Python compiled by tcc

Christian Gollwitzer auriocus at gmx.de
Sun May 21 06:55:24 EDT 2017


Am 21.05.17 um 12:38 schrieb bartc:
> On 21/05/2017 10:32, Christian Gollwitzer wrote:
>> Am 18.05.17 um 10:10 schrieb Christian Gollwitzer:
>>> The whole discussion reminds me of the "bumblebees can't fly" thing.
>>> tcc is a very small compiler (some 100kb) which supports most of C99.
>>
>> For what it's worth, I compiled Python 3.6.1 on Linux/x86 using tcc. It
>> was a simple matter of cloning tcc, compiling/installing it and the doing
>>
>>     CC=tcc ./configure
>>     make

> BTW, how long did an incremental change take to build? I've measured 5 
> seconds before with gcc. Tcc might be slower in its generated code, but 
> if you just want to quickly see the result of a modification, that the 
> result might run at half the speed is irrelevant.

If I do

touch Python/Python-ast.c
time make python

it says

real	0m0.564s
user	0m0.394s
sys	0m0.149s


BTW the Xlinker option is a good example to see why autoconf is needed. 
They were lazy and had a simple switch on `uname` to find the option, 
instead of testing it with the compile-macros of autoconf.

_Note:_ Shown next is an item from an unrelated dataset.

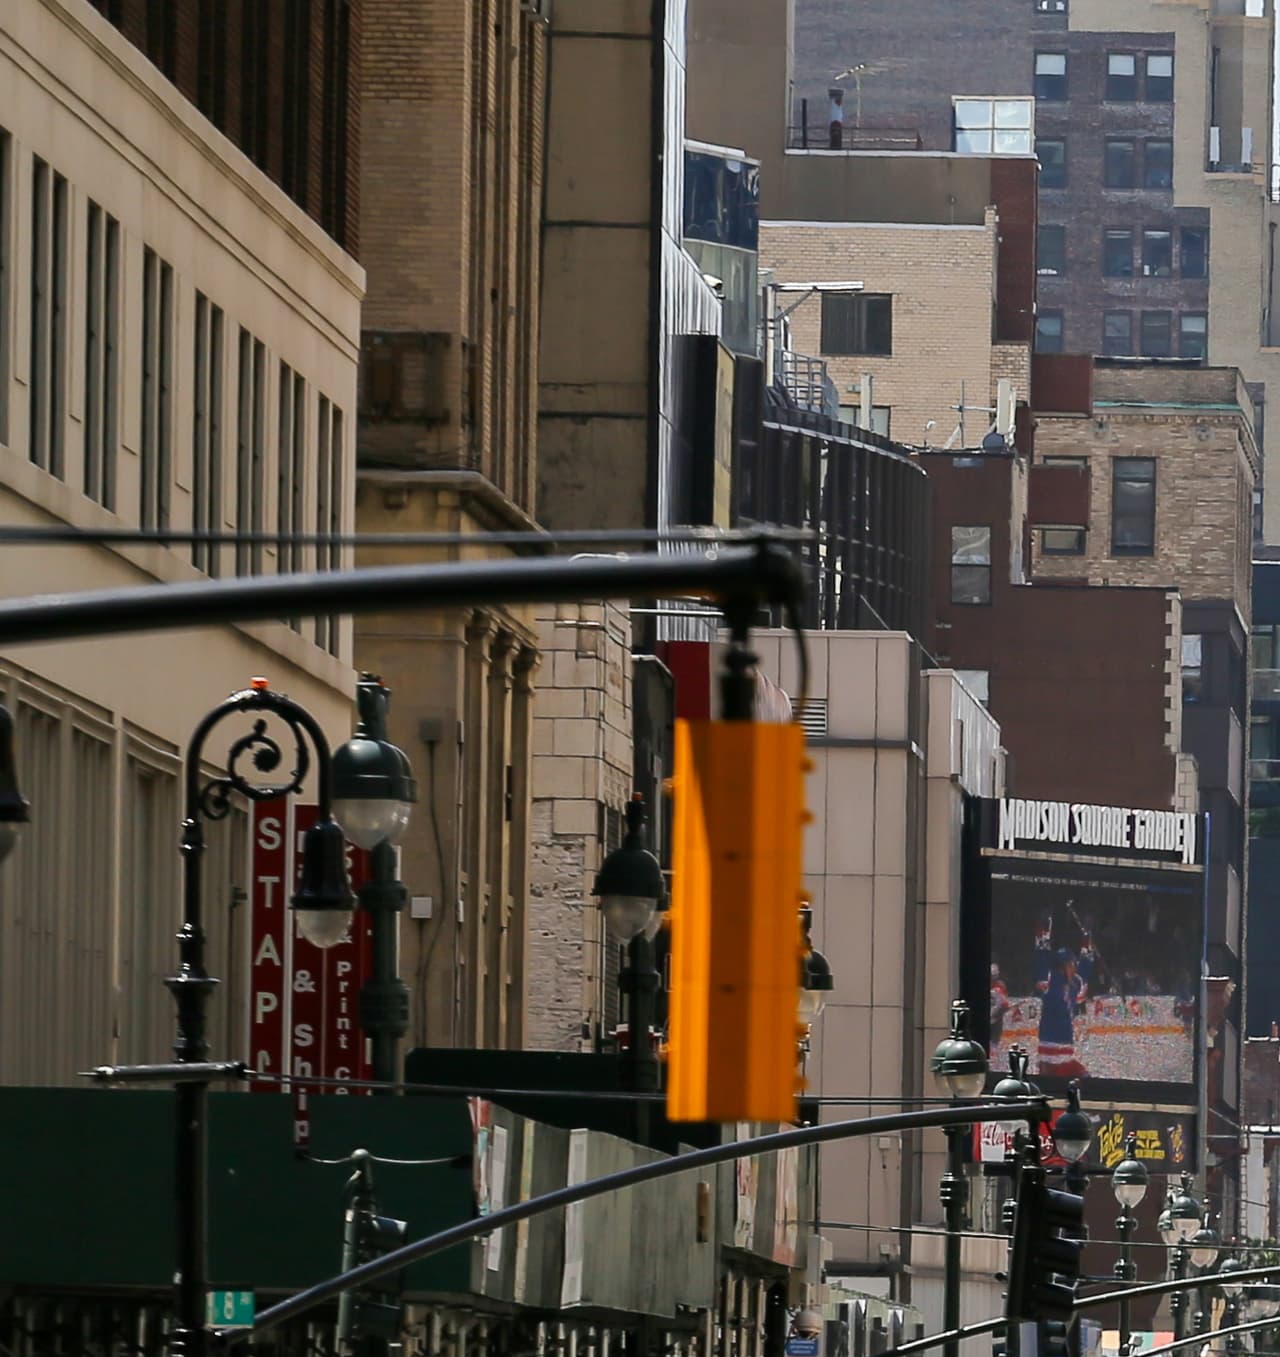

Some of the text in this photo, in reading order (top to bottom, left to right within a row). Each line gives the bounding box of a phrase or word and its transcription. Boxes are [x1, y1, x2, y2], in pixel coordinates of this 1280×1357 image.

[999, 798, 1196, 865] MADISON SQUARE GARDEN

> (Not such good news for me, as now I feel obliged to make my own C 
> compiler manage it. And it sort of competes with tcc for compilation 
> speed (and size too but that wasn't intentional). However it lacks some 
> C99 features at the minute.)

haha :) Good luck with that. Remember, tcc supports x86, x86_64, MIPS, 
ARM, ARM64, and C67, so it is a serious beast.